Saved entries:
◇ ◇ ◇

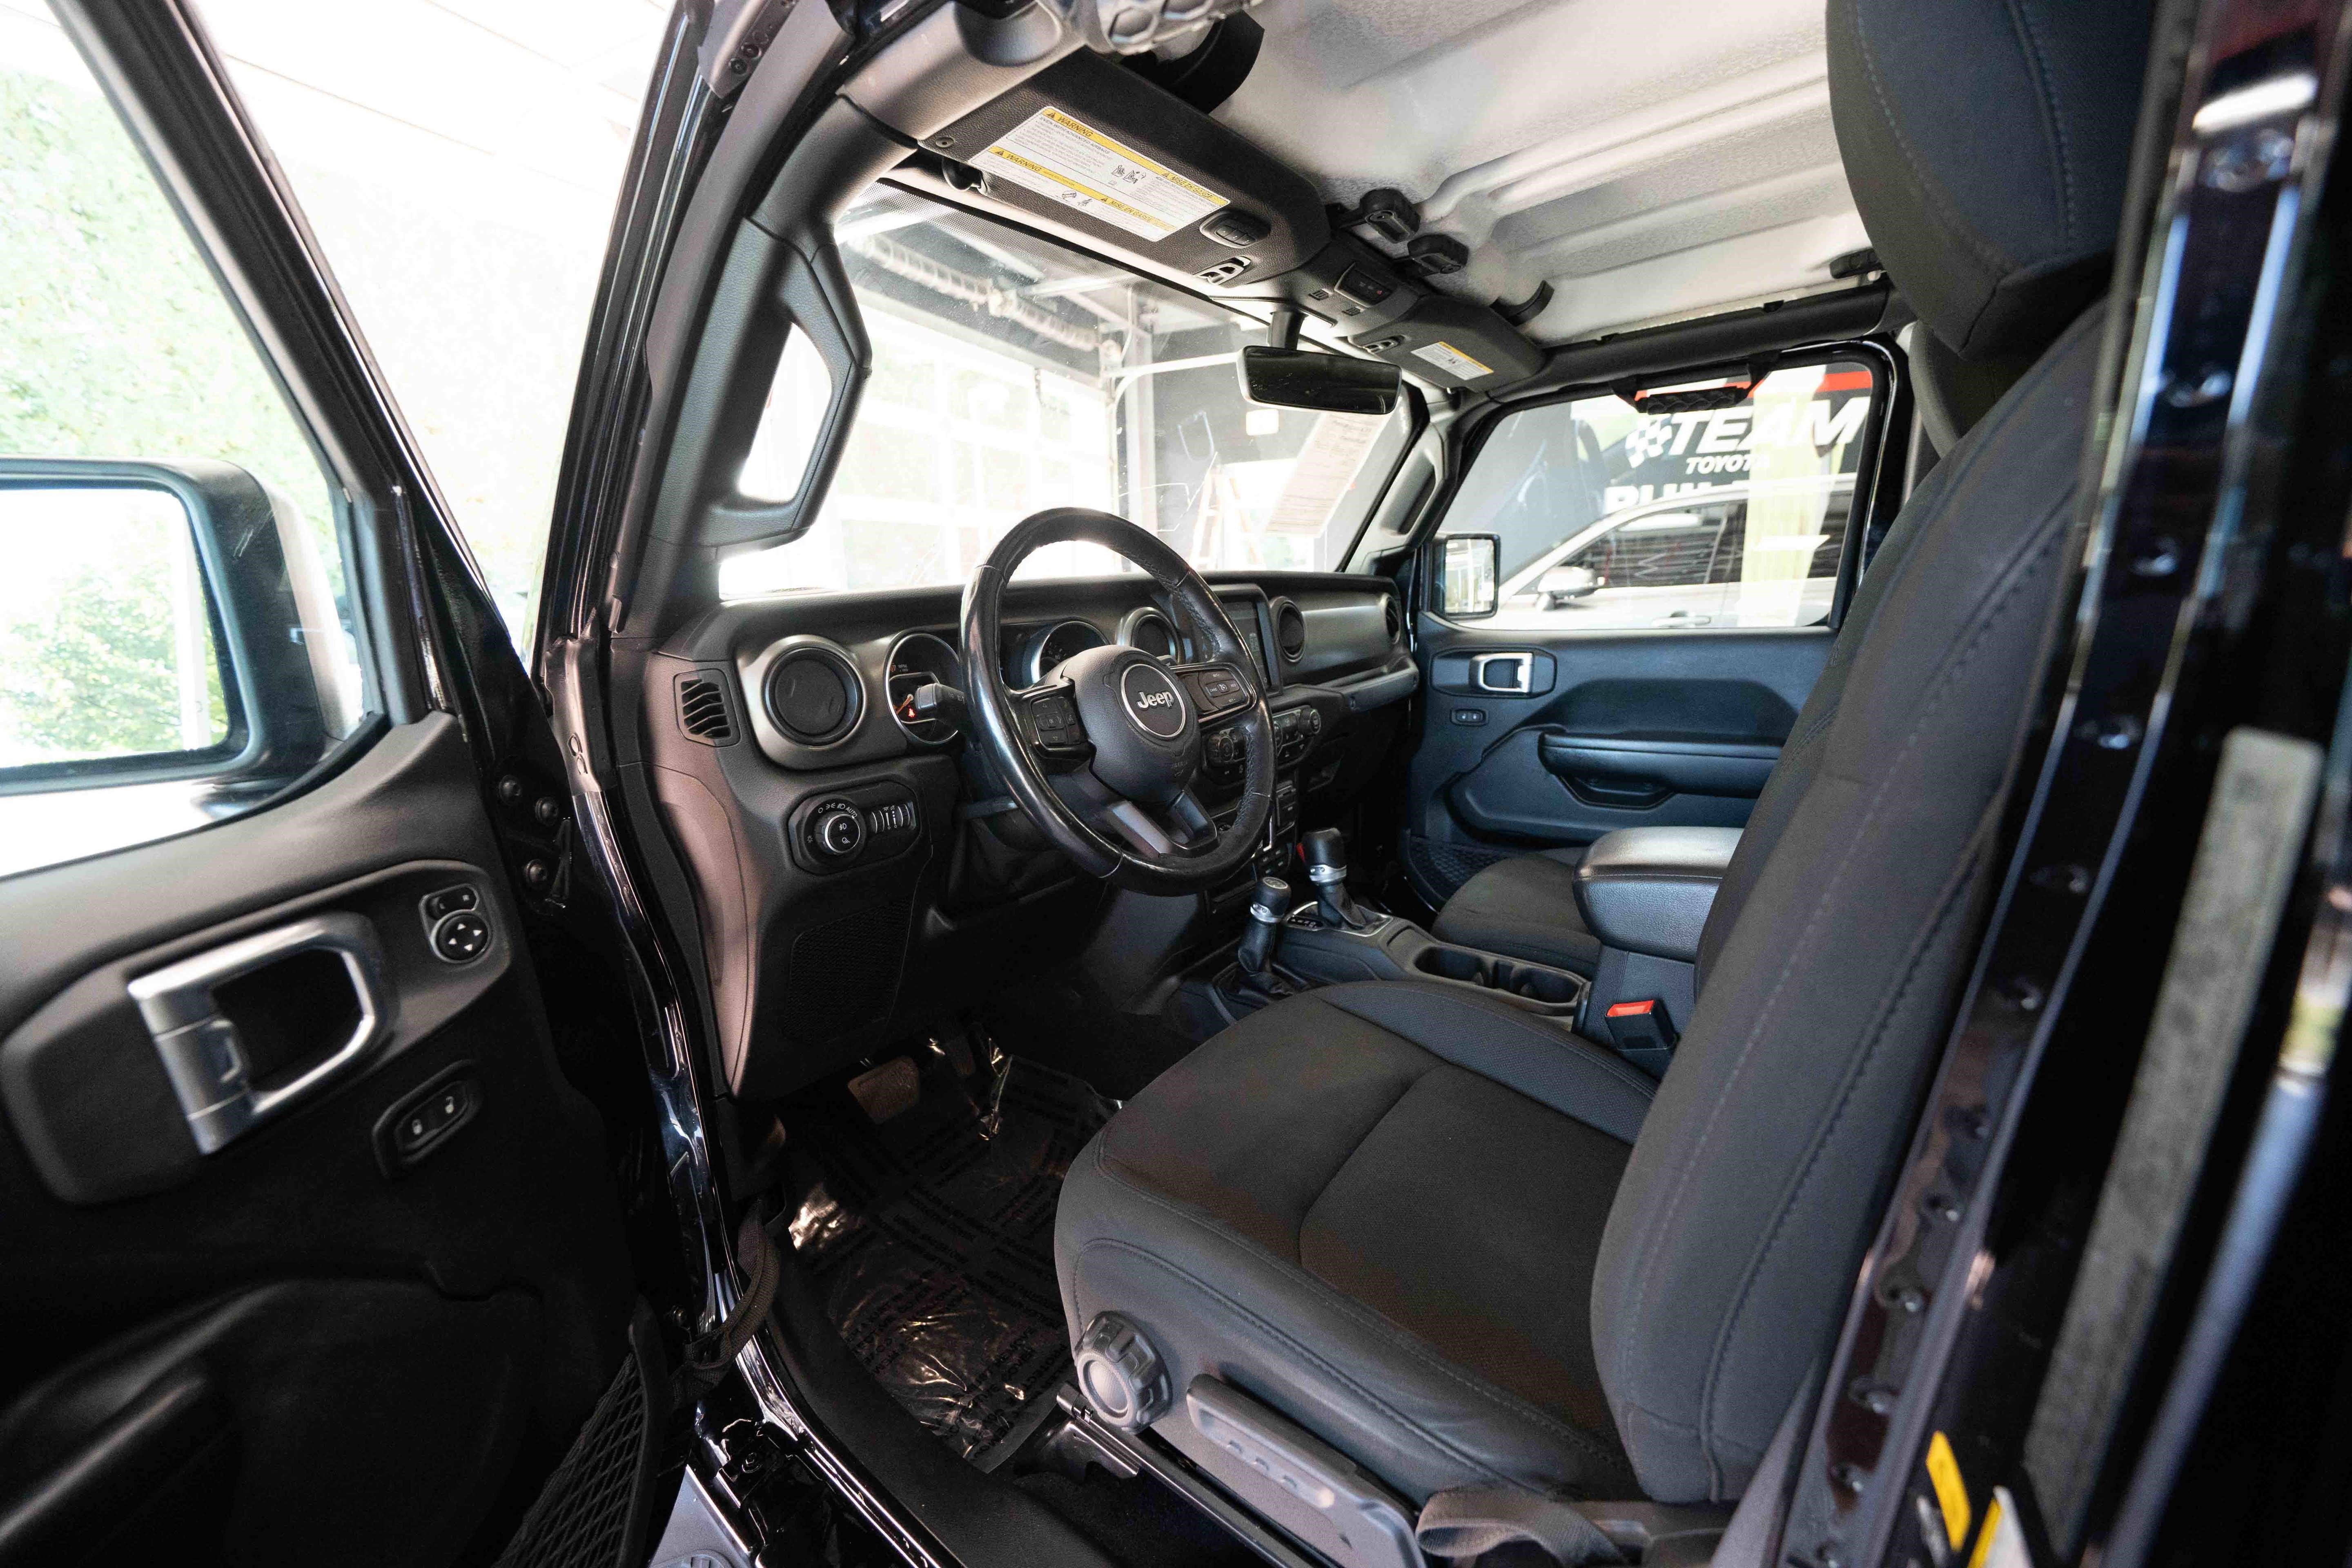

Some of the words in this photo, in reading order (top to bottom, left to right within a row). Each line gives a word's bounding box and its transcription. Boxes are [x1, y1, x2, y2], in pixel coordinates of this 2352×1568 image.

[1058, 116, 1093, 137] WARNING
[1006, 154, 1042, 172] WARNING
[1171, 176, 1186, 185] MISE
[1109, 200, 1124, 209] MISE
[1668, 396, 1870, 456] TEAM
[1137, 691, 1174, 709] Jeep
[845, 807, 858, 817] AUTO
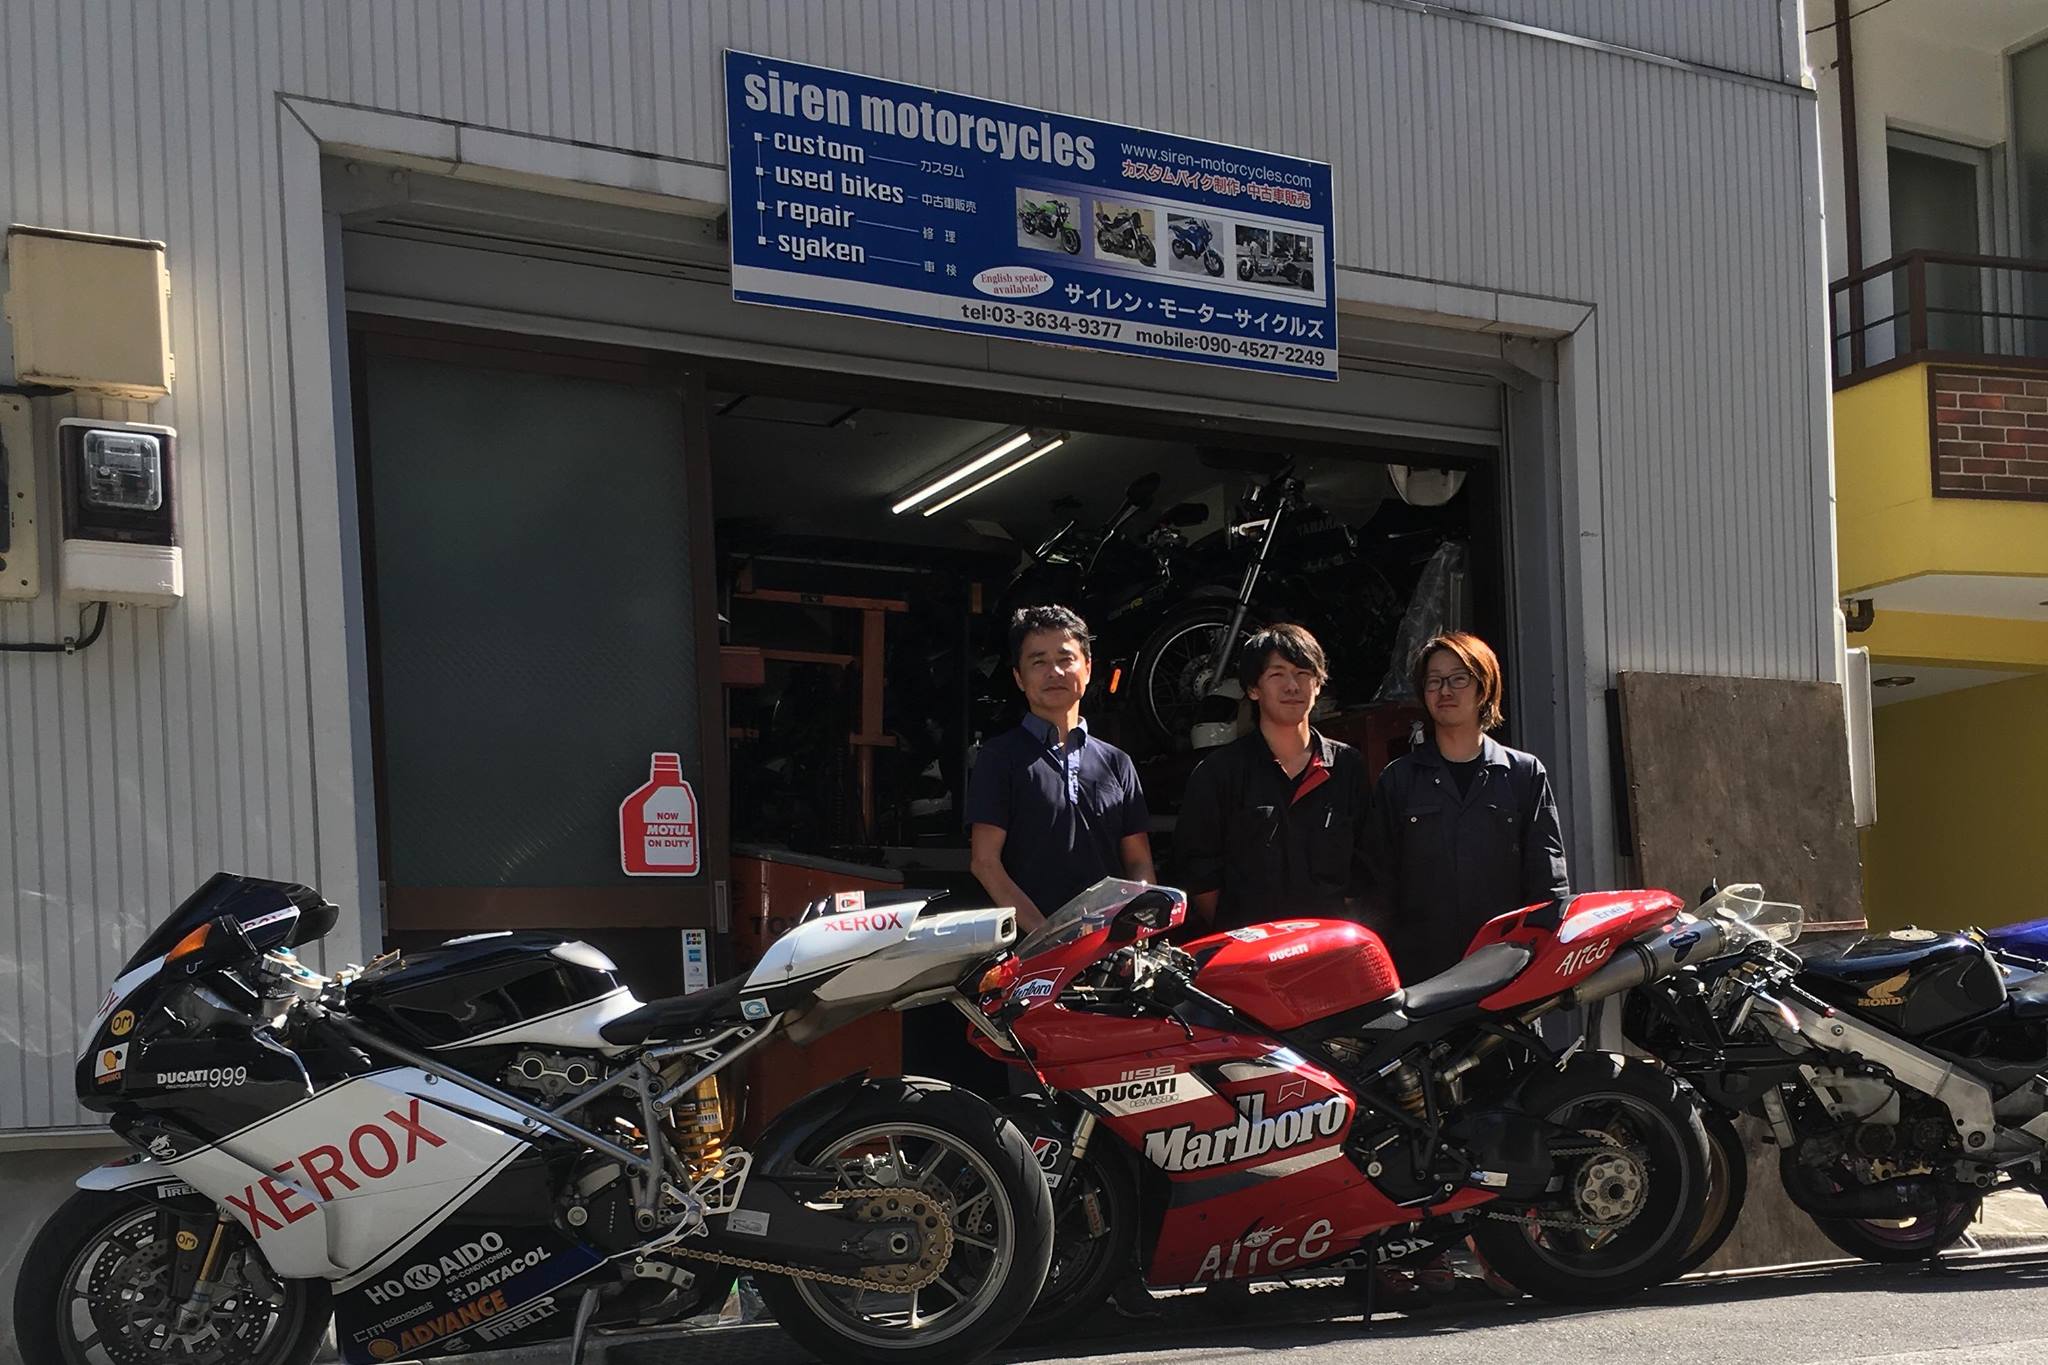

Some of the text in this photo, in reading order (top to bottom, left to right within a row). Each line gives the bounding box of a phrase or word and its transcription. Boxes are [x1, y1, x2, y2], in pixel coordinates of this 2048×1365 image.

◇ ◇ ◇

## TASK ITEM
Would you please retype all the data exactly? Leave out whatever pictures it holds.

## THE ANSWER
Some of the words in this photo, in reading order (top to bottom, left to right within a row). Each line gives a word's bounding box and its transcription. Boxes are [x1, y1, x2, y2], in pixel coordinates of this 2352×1568 image.

[1058, 116, 1093, 137] WARNING
[1006, 154, 1042, 172] WARNING
[1171, 176, 1186, 185] MISE
[1109, 200, 1124, 209] MISE
[1668, 396, 1870, 456] TEAM
[1137, 691, 1174, 709] Jeep
[845, 807, 858, 817] AUTO

Some of the text in this photo, in reading order (top to bottom, left to right within a row). Each line gives the bounding box of a phrase or word and its transcription. Boxes are [x1, y1, x2, y2], in pixel coordinates of this 2048×1365 image.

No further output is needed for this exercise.